ASSIGNMENT:
Write out each record in full and exactly as given. Skip any pictures.
MATERIAL PROVIDED START
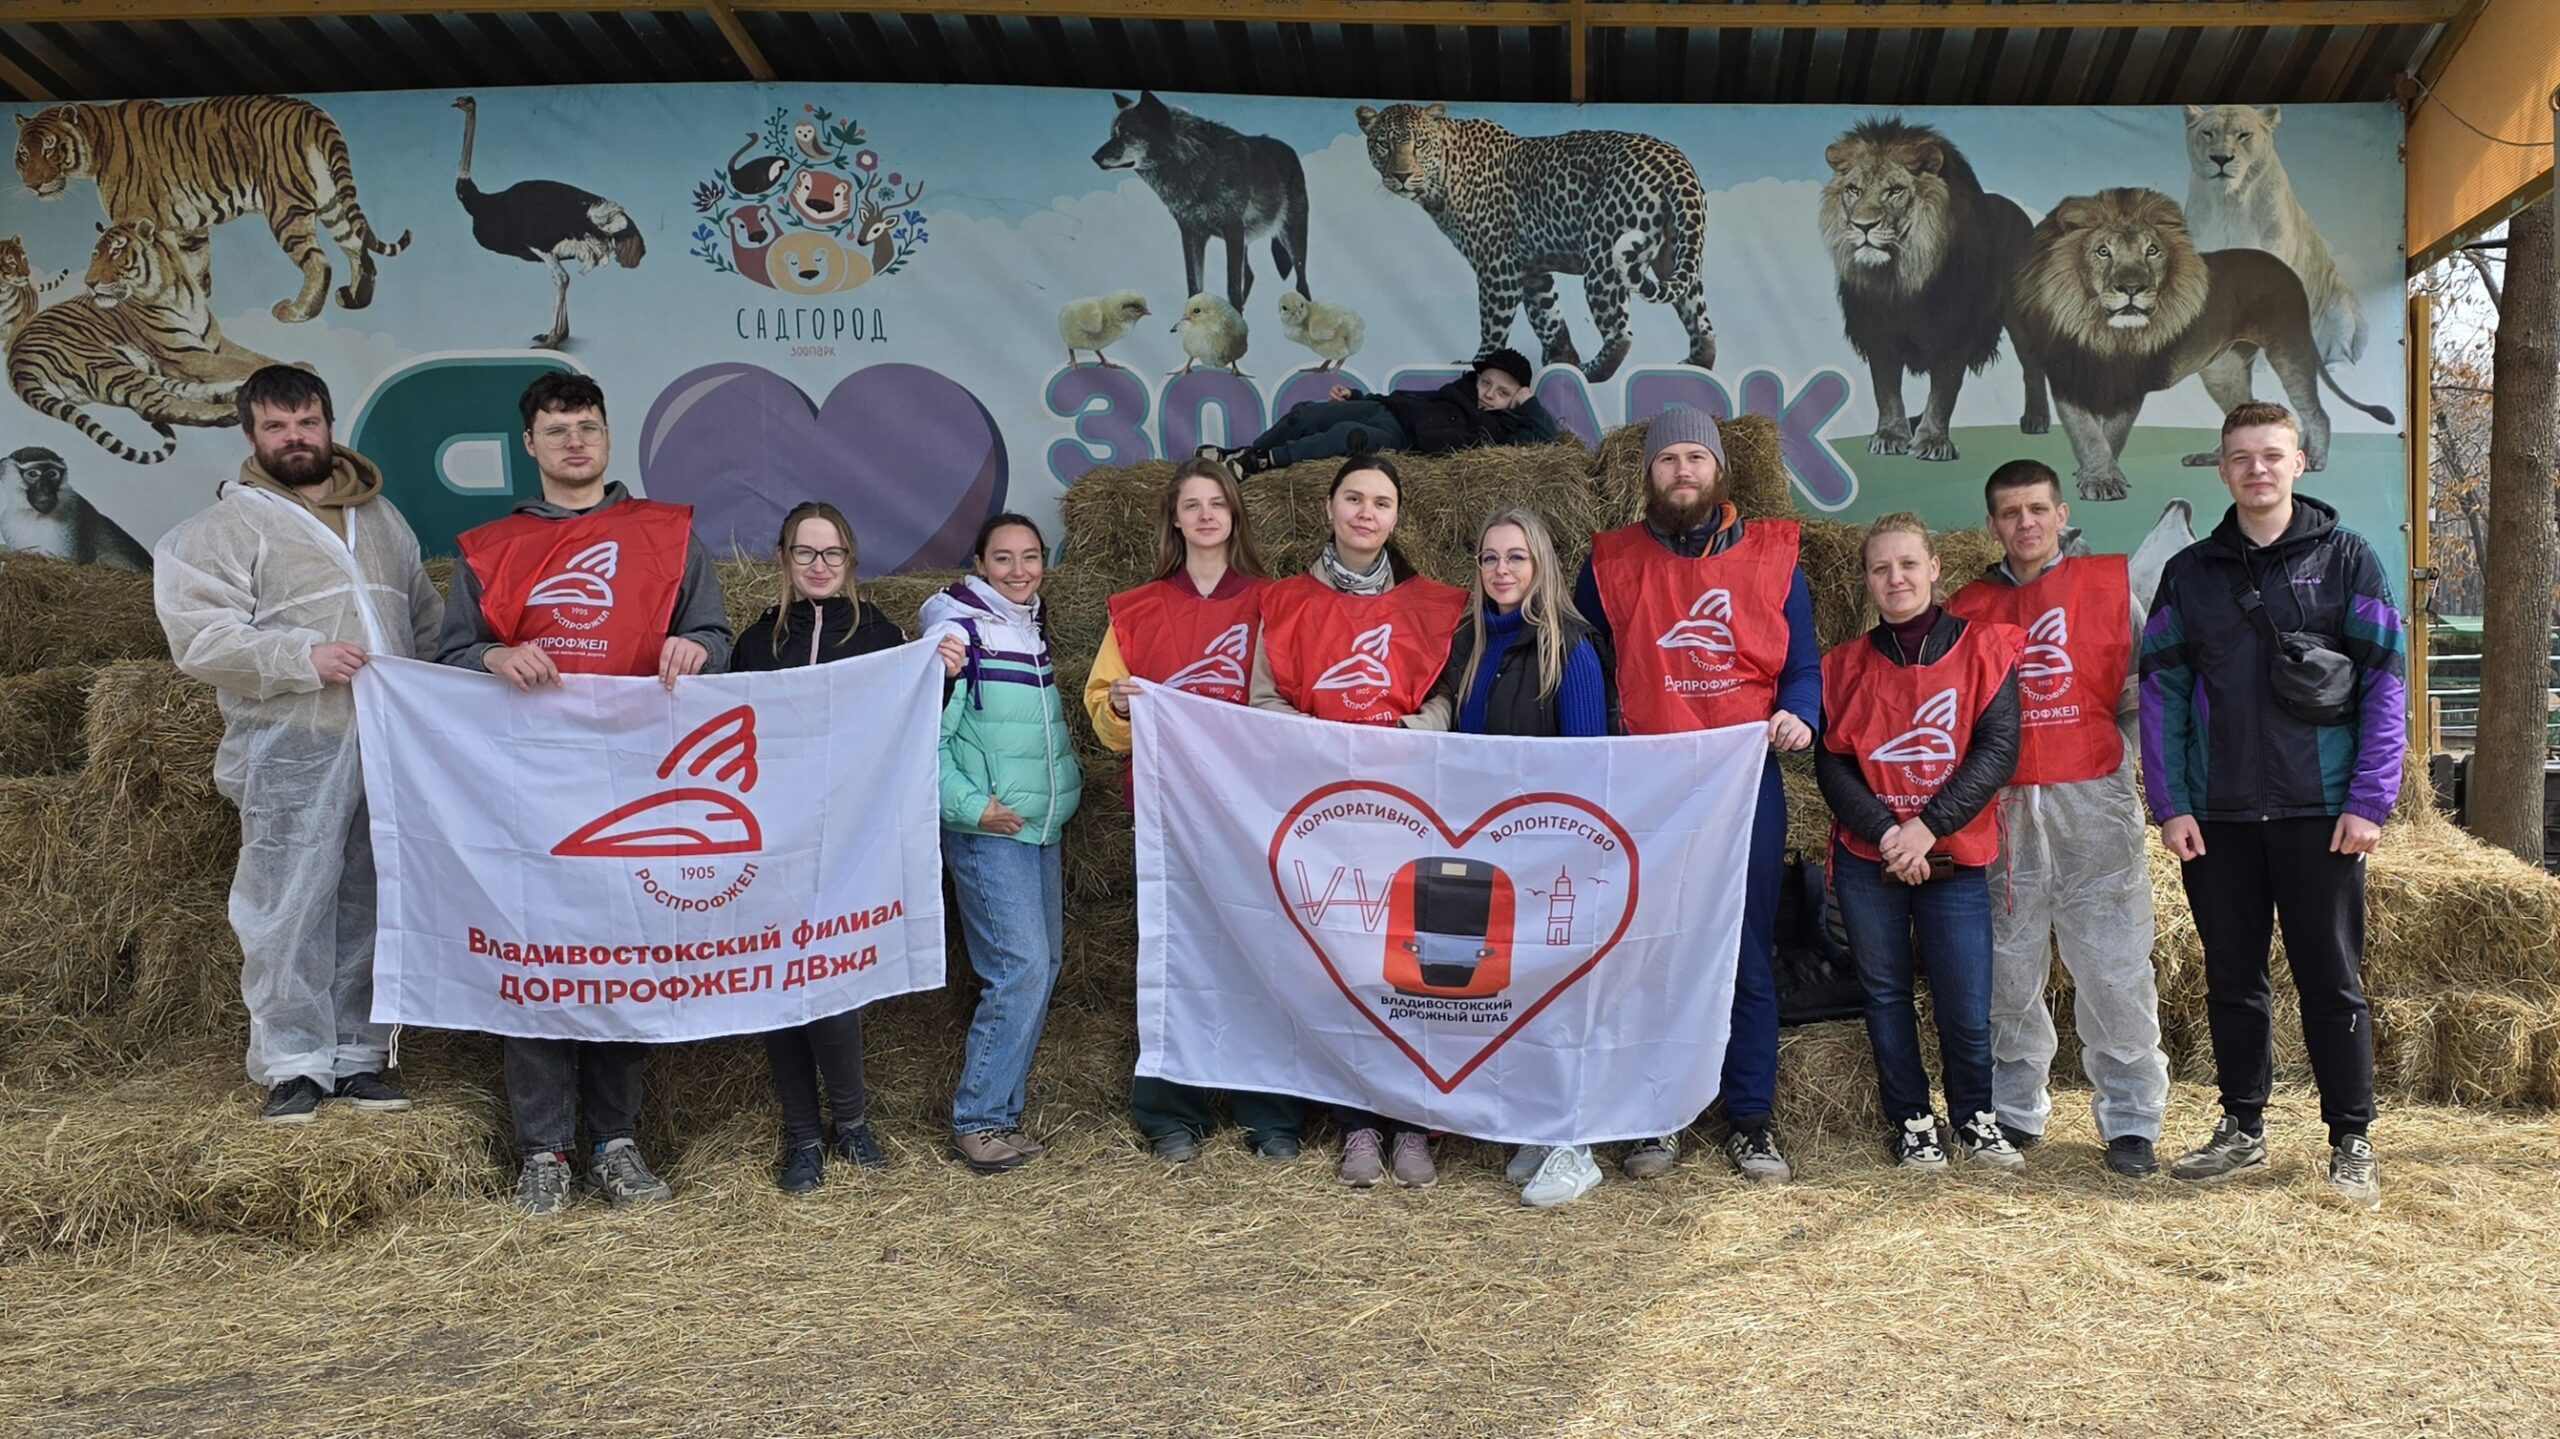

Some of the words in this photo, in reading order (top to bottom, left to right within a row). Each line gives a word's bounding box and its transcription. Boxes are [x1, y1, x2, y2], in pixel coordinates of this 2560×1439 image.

[736, 307, 888, 342] САДГОРОД
[552, 607, 610, 630] РОСПРОФЖЕЛ
[1293, 802, 1431, 840] КОРПОРАТИВНОЕ
[1490, 815, 1616, 854] ВОЛОНТЕРСТВО
[634, 861, 760, 913] РОСПРОФЖЕЛ
[680, 865, 716, 881] 1905
[467, 923, 782, 967] Владивостокский
[791, 899, 905, 949] филиал
[499, 961, 774, 1006] ДОРПРОФЖЕЛ
[781, 944, 878, 991] ДВжд
[1380, 995, 1513, 1012] ВЛАДИВОСТОКСКИЙ
[1388, 1007, 1468, 1022] ДОРОЖНЫЙ
[1471, 1011, 1509, 1024] ШТАБ
MATERIAL PROVIDED END
OUTPUT FOR THIS TASK:
Some of the words in this photo, in reading order (top to bottom, left to right within a row). Each line gives a word's bounding box and its transcription. Boxes are [x1, y1, x2, y2], in pixel coordinates of this 2560×1439 image.

[736, 307, 888, 342] САДГОРОД
[552, 607, 610, 630] РОСПРОФЖЕЛ
[1293, 802, 1431, 840] КОРПОРАТИВНОЕ
[1490, 815, 1616, 854] ВОЛОНТЕРСТВО
[634, 861, 760, 913] РОСПРОФЖЕЛ
[680, 865, 716, 881] 1905
[467, 923, 782, 967] Владивостокский
[791, 899, 905, 949] филиал
[499, 961, 774, 1006] ДОРПРОФЖЕЛ
[781, 944, 878, 991] ДВжд
[1380, 995, 1513, 1012] ВЛАДИВОСТОКСКИЙ
[1388, 1007, 1468, 1022] ДОРОЖНЫЙ
[1471, 1011, 1509, 1024] ШТАБ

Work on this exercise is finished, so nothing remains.